Wednesday was another good day in the stock market, with Nasdaq Composite (^IXIC 1.20%) Up more than 1% as of 1:30 pm ET. Market participants generally pointed to an inevitable recovery from a weak performance in 2022 and expressed confidence that the latest inflation numbers to be released by the Bureau of Labor Statistics on Thursday morning will continue to ease price pressures.
When you look at the day’s top performers, however, you’ll notice a number of well-known company names that have been in considerable financial trouble. This includes high quality stocks Bed Bath and Beyond (BBBY 47.83%) And caravan (CVNA 24.89%), which faced major headaches that posed an existential threat to their ongoing business. While shareholders of these companies are seeing surprising results on Wednesday, the gains are largely coming from a phenomenon that is completely short-term in nature and could reverse itself at any moment.

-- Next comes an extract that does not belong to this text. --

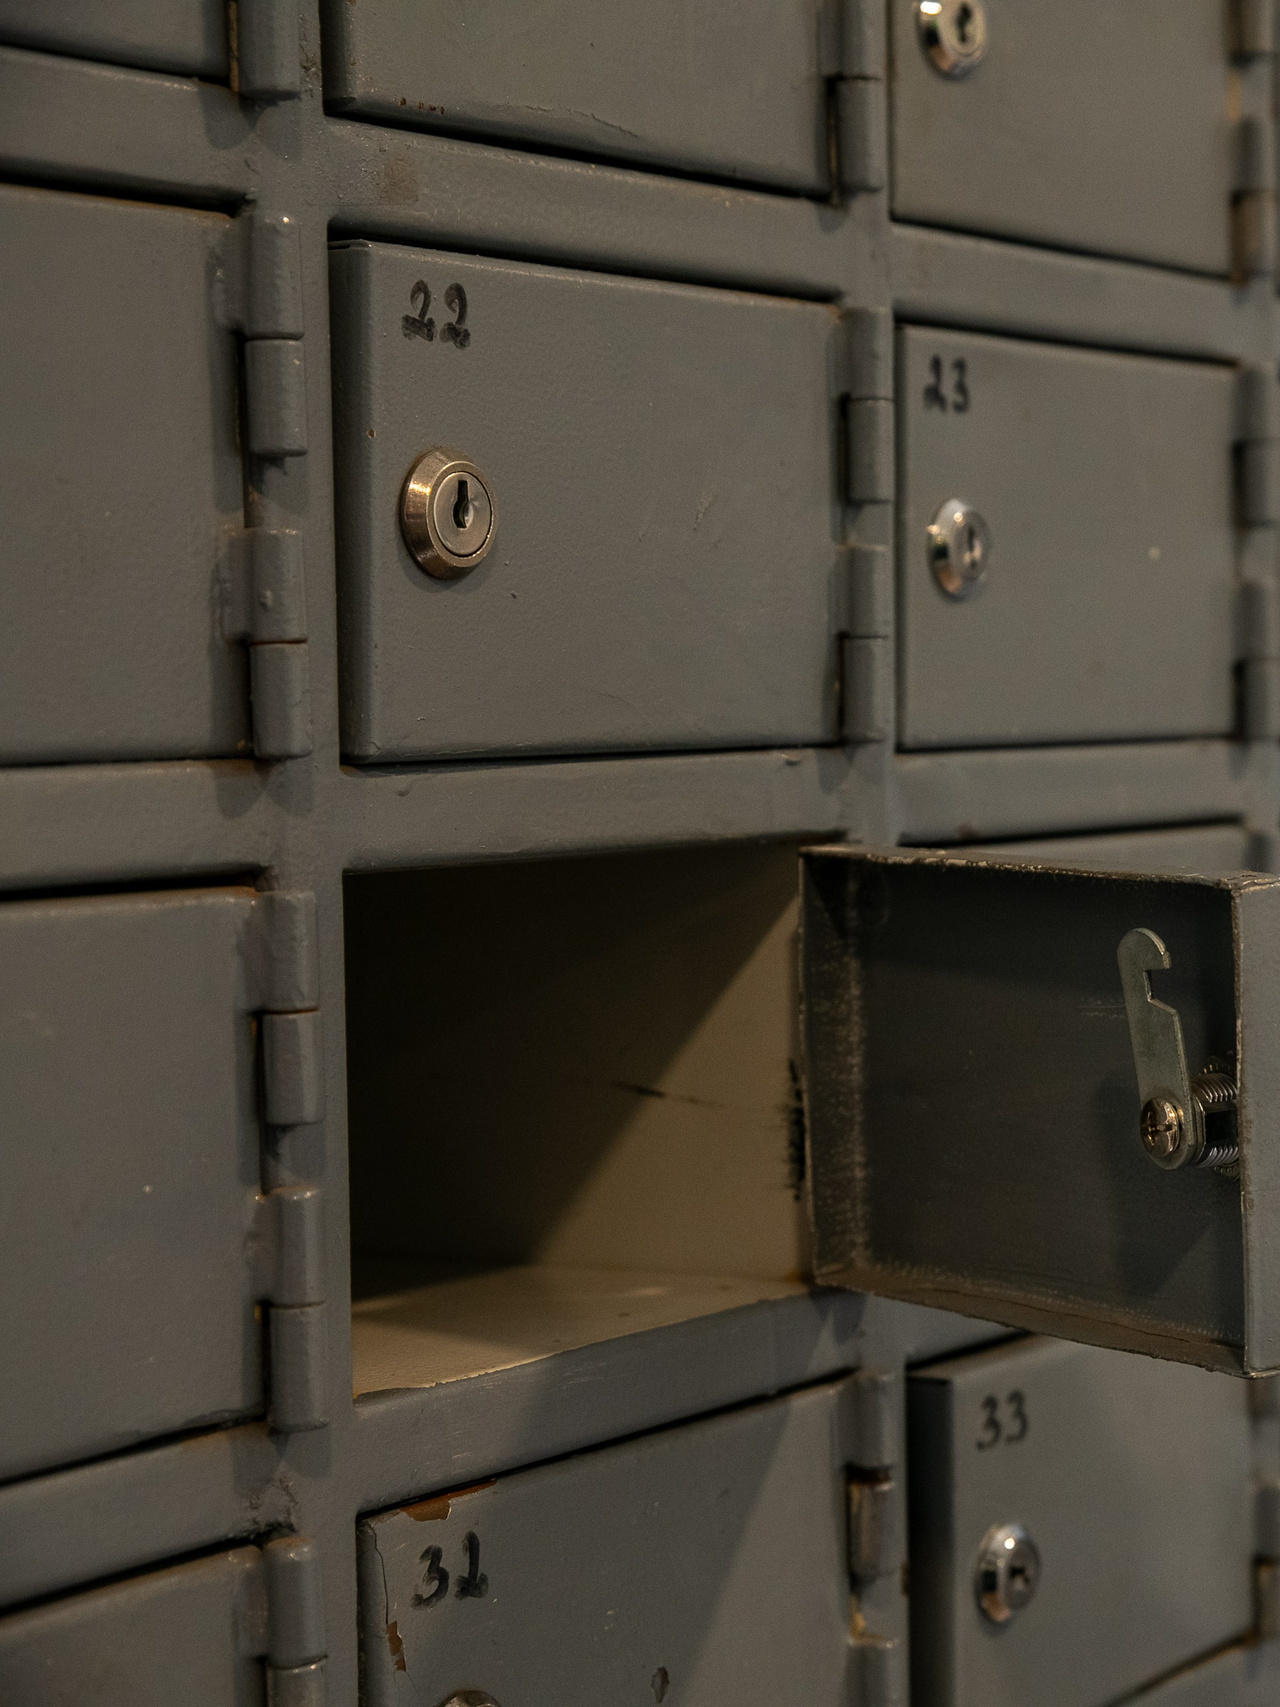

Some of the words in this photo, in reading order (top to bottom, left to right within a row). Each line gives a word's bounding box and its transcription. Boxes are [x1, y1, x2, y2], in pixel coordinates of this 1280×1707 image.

[402, 279, 471, 350] 22
[922, 353, 970, 414] 23
[975, 1388, 1029, 1451] 33

What is happening with these two stocks?
What Bed Bath & Beyond and Carvana have in common is that many investors have questioned whether they can stay in business. Bed Bath & Beyond announced yesterday that its revenue fell sharply in the holiday quarter, raising fresh concerns about its ability to stay afloat amid mounting pressure to return to growth. In fact, with less than a month to go before needing to make a large interest payment on a portion of its debt, many investors in the home goods retailer believe it can’t continue to operate without some form of protection. or relief from its creditors.

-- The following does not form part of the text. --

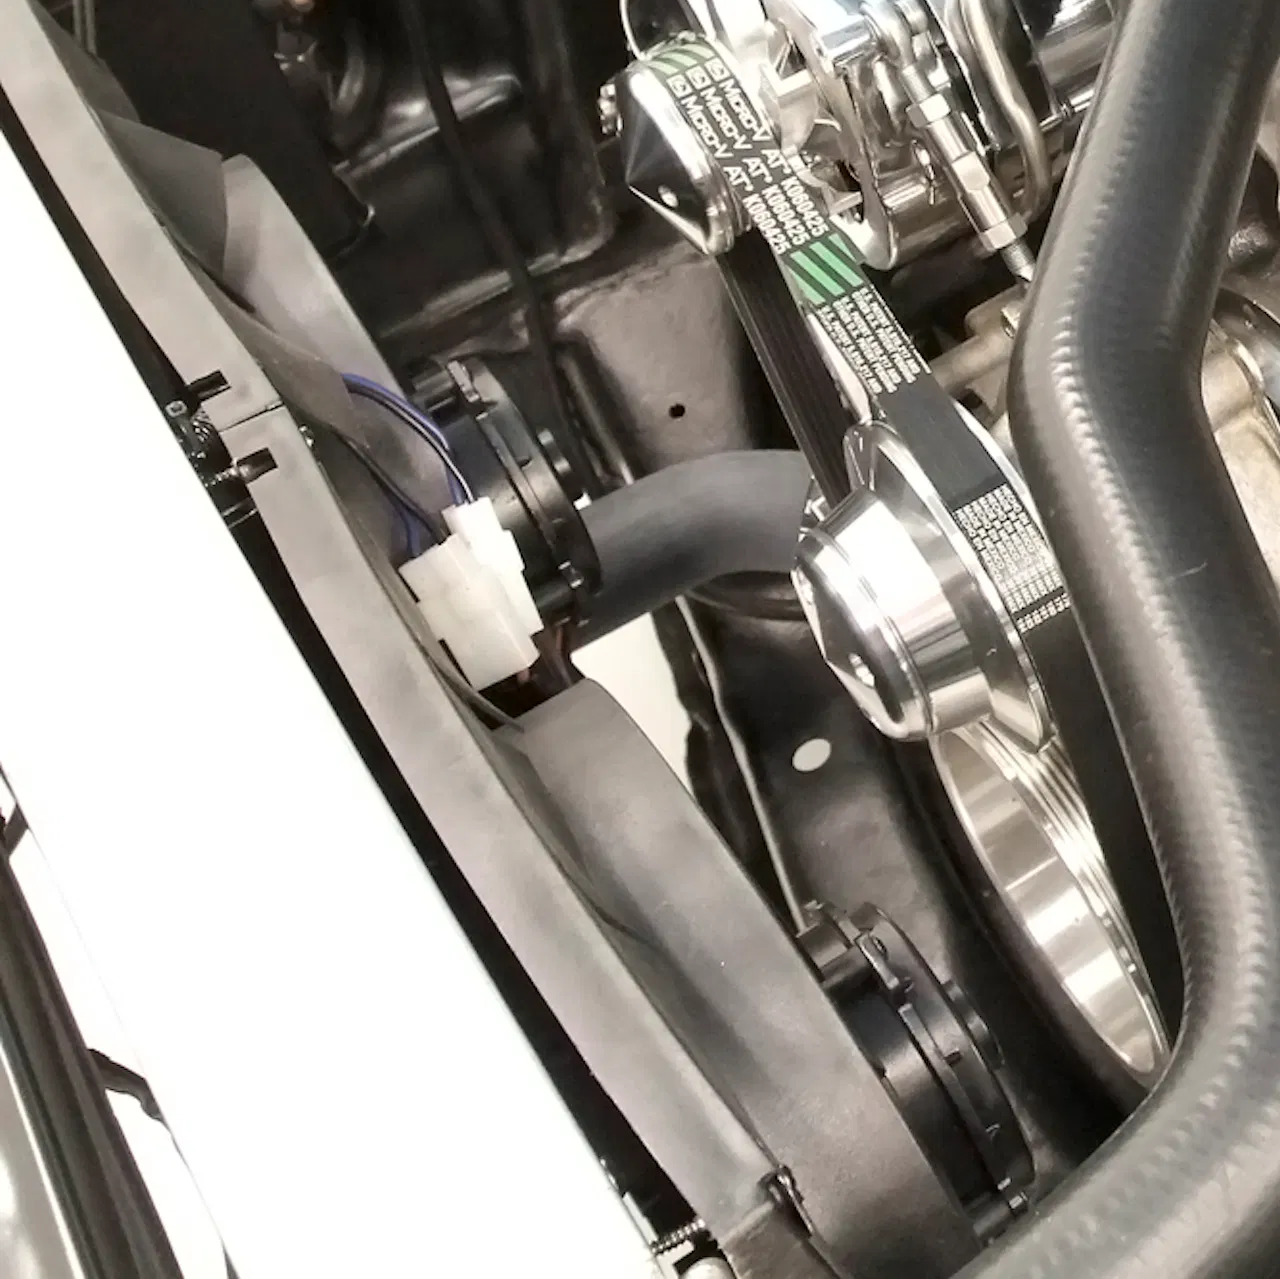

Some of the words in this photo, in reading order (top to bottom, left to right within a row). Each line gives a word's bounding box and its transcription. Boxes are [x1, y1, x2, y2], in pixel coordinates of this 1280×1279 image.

[742, 193, 792, 255] K060425
[762, 185, 810, 246] K060425
[781, 176, 829, 237] K060425

Carvana is also struggling with its debt, as rising interest rates drive up its financing costs even as used car prices pick up on its fundamentals. The car dealer still has a few years to refinance some of its long-term debt, but as economic conditions worsen, shareholders seem more skeptical than ever about Carvana’s future prospects.
Still, traders could not buy the stocks of the two companies in sufficient quantities on Wednesday. Shares of Bed Bath & Beyond jumped 44% by midday on Wall Street, while Carvana gained 23%.
Short squeeze value trap
The main problem with these stocks is that they have been hit hard over the past year and this has attracted considerable interest from short-selling investors. Yahoo! According to its figures, Bed Bath & Beyond sold 57% of its float and 32% of its outstanding shares as of mid-December. Financing. Carvana’s short interest was even more extreme, with 80% of its float and nearly half of its outstanding shares used for short selling.
When there is a lot of negativity about a stock, it becomes very attractive to those who want to bet against it. However, the short-sale approach leaves investors vulnerable to those who choose not to make their shares available for borrowing. Combine that with a limited number of shares outstanding in the first place, and short-sellers may have to pay much more to get back the shares they borrowed. This is known as a short squeeze.
The short squeeze could lead to huge profits that are far greater than what Carvana or Bed Bath & Beyond have seen so far. However, at some point, those holding for profits eventually begin to cash in on their positions, easing the pressure and ending the short squeeze. Often, this causes the stock to move lower and wipe out recent gains.
Don’t fall for FOMO with subpar stocks
There are plenty of stocks that have seen significant declines over the past year that are still there to do Has good fundamental business potential. In that case, bargaining can be a smart long-term strategy.
With many short squeeze stocks, however, bullish scenarios are simply not realistic. If you see a stock jump on a day like today for no apparent reason, ask yourself if there’s a short squeeze going on — and then remind yourself that you probably lost faith in that stock’s ability to reverse losses long ago.
Dan Caplinger has no positions in any of the stocks mentioned. Motley Fool has no position in any of the stocks mentioned. Motley Fool has a revealing policy.